DIRECTIONS FOR THIS TASK:
Go through the entries below, tally each line that has the word "transcription", and give only the total.

[Records from a data source]
┌──
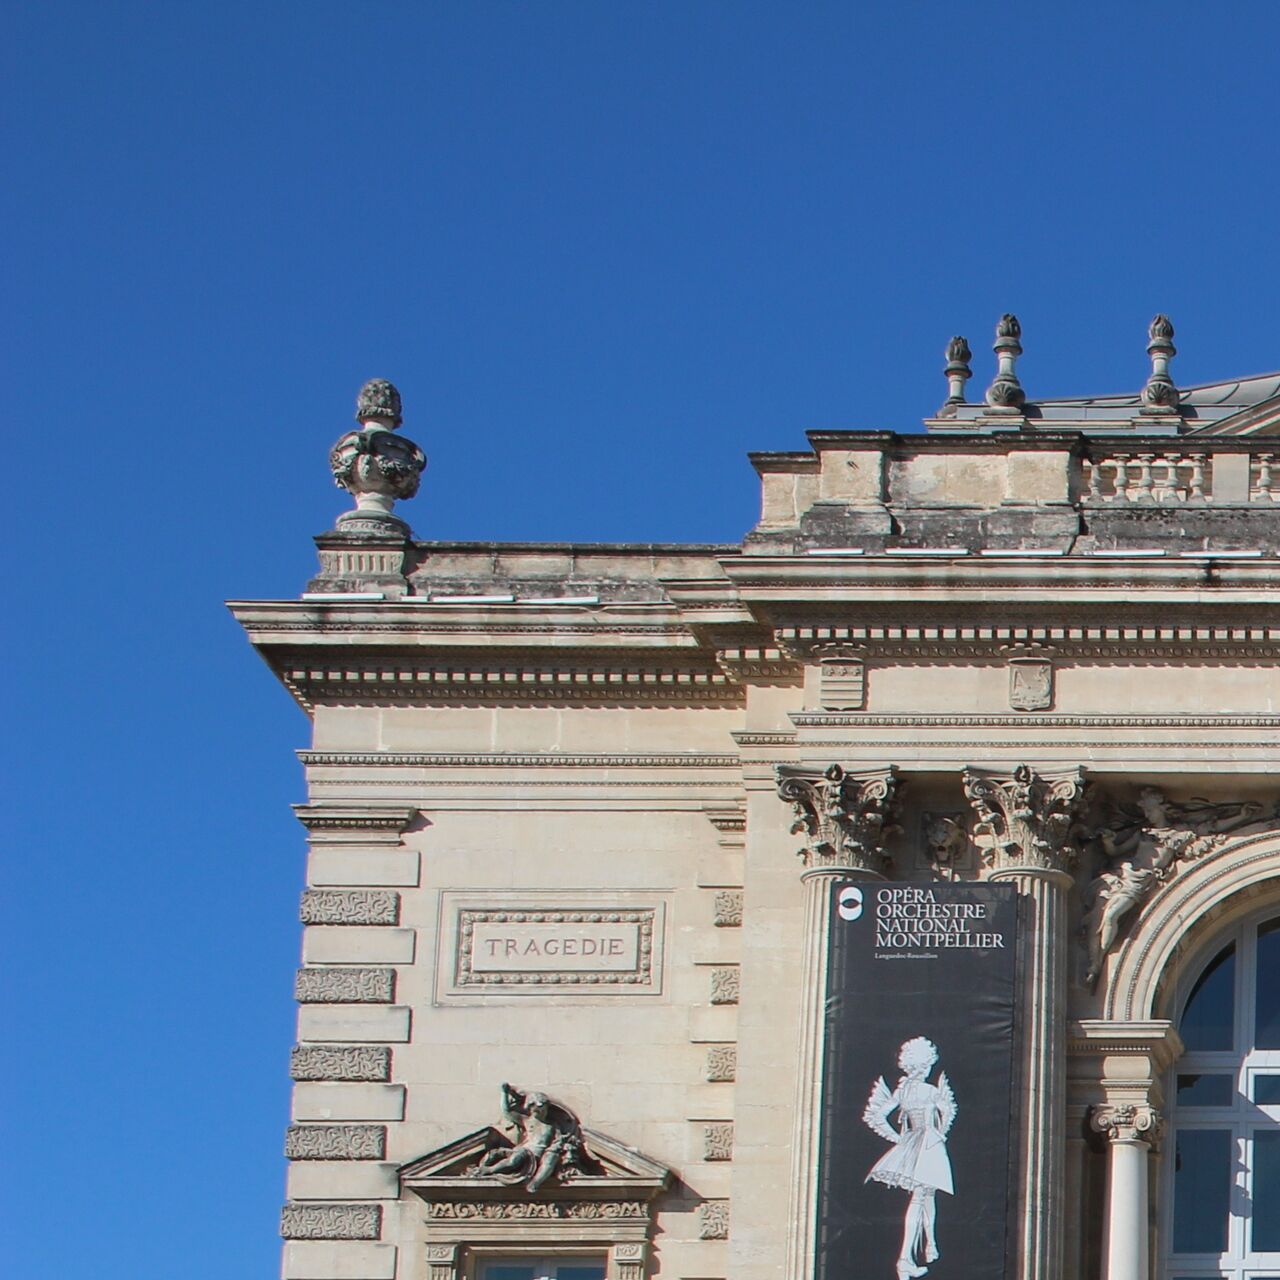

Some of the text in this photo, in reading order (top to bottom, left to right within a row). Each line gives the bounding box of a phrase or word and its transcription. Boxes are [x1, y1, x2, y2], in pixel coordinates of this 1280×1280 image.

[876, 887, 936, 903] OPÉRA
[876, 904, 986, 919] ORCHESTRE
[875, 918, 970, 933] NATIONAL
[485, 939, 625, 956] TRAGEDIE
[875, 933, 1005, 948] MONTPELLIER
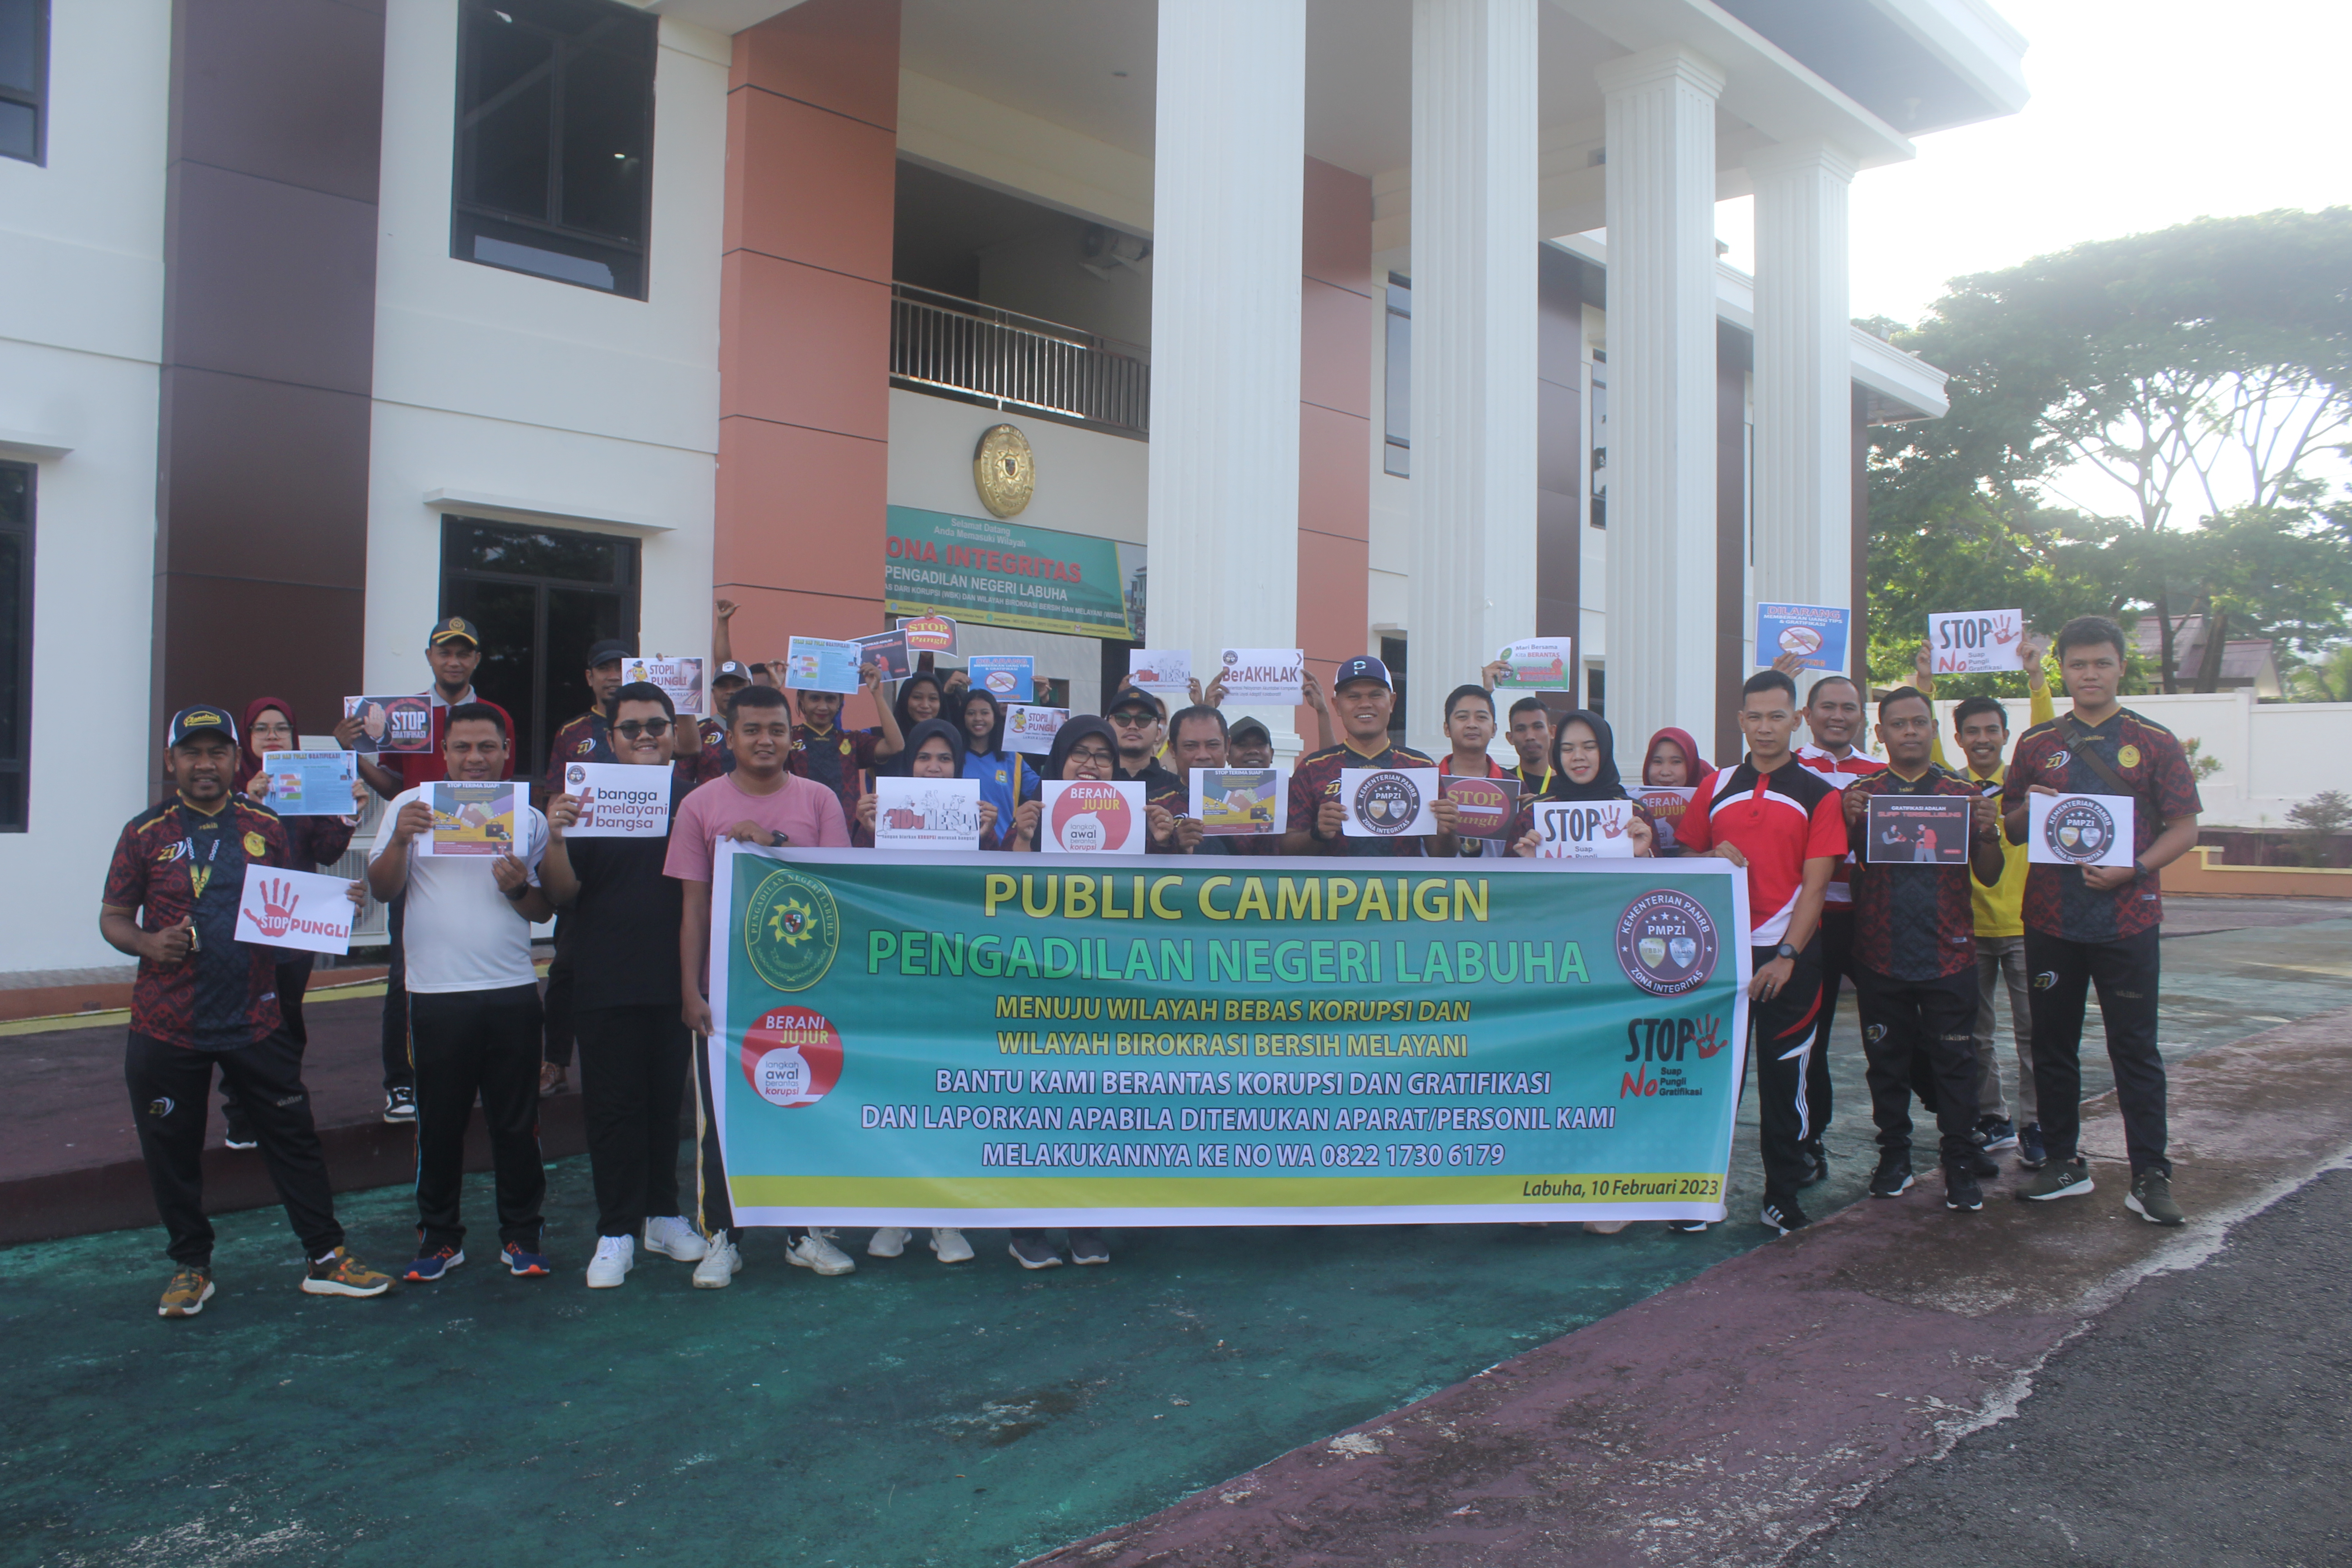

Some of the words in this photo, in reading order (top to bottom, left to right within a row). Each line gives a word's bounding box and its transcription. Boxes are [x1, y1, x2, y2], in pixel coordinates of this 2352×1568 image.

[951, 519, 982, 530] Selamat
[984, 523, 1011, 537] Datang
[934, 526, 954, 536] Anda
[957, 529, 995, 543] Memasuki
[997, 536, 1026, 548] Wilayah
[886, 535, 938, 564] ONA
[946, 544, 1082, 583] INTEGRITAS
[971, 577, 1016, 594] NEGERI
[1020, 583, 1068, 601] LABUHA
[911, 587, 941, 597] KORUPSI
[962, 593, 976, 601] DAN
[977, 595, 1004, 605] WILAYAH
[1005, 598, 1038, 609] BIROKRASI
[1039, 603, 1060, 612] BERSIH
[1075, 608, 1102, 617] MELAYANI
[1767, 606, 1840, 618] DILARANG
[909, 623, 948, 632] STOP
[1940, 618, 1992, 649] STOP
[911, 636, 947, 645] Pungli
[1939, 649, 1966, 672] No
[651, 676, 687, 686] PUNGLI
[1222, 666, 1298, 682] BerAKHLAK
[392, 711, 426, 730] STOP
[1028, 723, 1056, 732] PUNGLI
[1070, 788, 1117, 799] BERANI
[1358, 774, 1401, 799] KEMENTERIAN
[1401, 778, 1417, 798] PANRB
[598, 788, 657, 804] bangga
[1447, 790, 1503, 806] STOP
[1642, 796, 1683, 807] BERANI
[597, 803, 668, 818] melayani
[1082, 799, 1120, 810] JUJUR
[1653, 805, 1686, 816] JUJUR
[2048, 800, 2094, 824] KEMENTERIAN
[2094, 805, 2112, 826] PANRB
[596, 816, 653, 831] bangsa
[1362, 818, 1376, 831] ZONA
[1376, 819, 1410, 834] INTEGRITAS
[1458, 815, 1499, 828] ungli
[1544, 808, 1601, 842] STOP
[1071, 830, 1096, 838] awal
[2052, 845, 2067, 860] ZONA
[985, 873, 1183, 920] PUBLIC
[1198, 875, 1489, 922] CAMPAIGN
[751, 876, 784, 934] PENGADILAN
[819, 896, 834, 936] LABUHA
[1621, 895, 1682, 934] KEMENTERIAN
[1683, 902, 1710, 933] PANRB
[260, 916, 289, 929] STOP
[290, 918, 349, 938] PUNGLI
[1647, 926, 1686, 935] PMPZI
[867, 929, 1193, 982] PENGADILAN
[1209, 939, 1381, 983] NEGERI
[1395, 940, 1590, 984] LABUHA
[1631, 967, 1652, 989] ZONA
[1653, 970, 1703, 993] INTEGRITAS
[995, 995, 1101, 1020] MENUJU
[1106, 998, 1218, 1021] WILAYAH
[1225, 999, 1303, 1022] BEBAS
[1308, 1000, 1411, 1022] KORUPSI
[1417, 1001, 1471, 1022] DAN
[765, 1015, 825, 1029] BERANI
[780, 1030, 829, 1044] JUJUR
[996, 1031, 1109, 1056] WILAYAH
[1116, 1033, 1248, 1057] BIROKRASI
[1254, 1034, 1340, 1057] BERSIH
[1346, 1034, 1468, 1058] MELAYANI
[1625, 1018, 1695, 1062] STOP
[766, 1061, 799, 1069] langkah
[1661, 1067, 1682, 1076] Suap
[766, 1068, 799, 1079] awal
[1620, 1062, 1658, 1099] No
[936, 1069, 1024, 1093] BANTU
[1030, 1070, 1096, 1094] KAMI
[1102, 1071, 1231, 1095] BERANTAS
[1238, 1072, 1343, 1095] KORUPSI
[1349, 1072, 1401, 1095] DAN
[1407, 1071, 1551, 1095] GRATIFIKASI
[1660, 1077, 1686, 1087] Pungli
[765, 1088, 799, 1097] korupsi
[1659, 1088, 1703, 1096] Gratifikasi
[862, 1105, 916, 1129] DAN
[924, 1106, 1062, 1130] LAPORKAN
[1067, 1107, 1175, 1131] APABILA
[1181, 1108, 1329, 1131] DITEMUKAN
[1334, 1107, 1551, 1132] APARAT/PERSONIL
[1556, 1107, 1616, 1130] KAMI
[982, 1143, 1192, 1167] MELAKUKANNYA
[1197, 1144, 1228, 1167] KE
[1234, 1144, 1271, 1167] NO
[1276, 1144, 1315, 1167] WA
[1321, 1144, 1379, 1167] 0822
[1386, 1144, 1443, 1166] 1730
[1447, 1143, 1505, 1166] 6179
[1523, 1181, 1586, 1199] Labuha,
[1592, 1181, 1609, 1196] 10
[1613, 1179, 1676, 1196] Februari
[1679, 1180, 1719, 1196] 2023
└──
OUTPUT:
2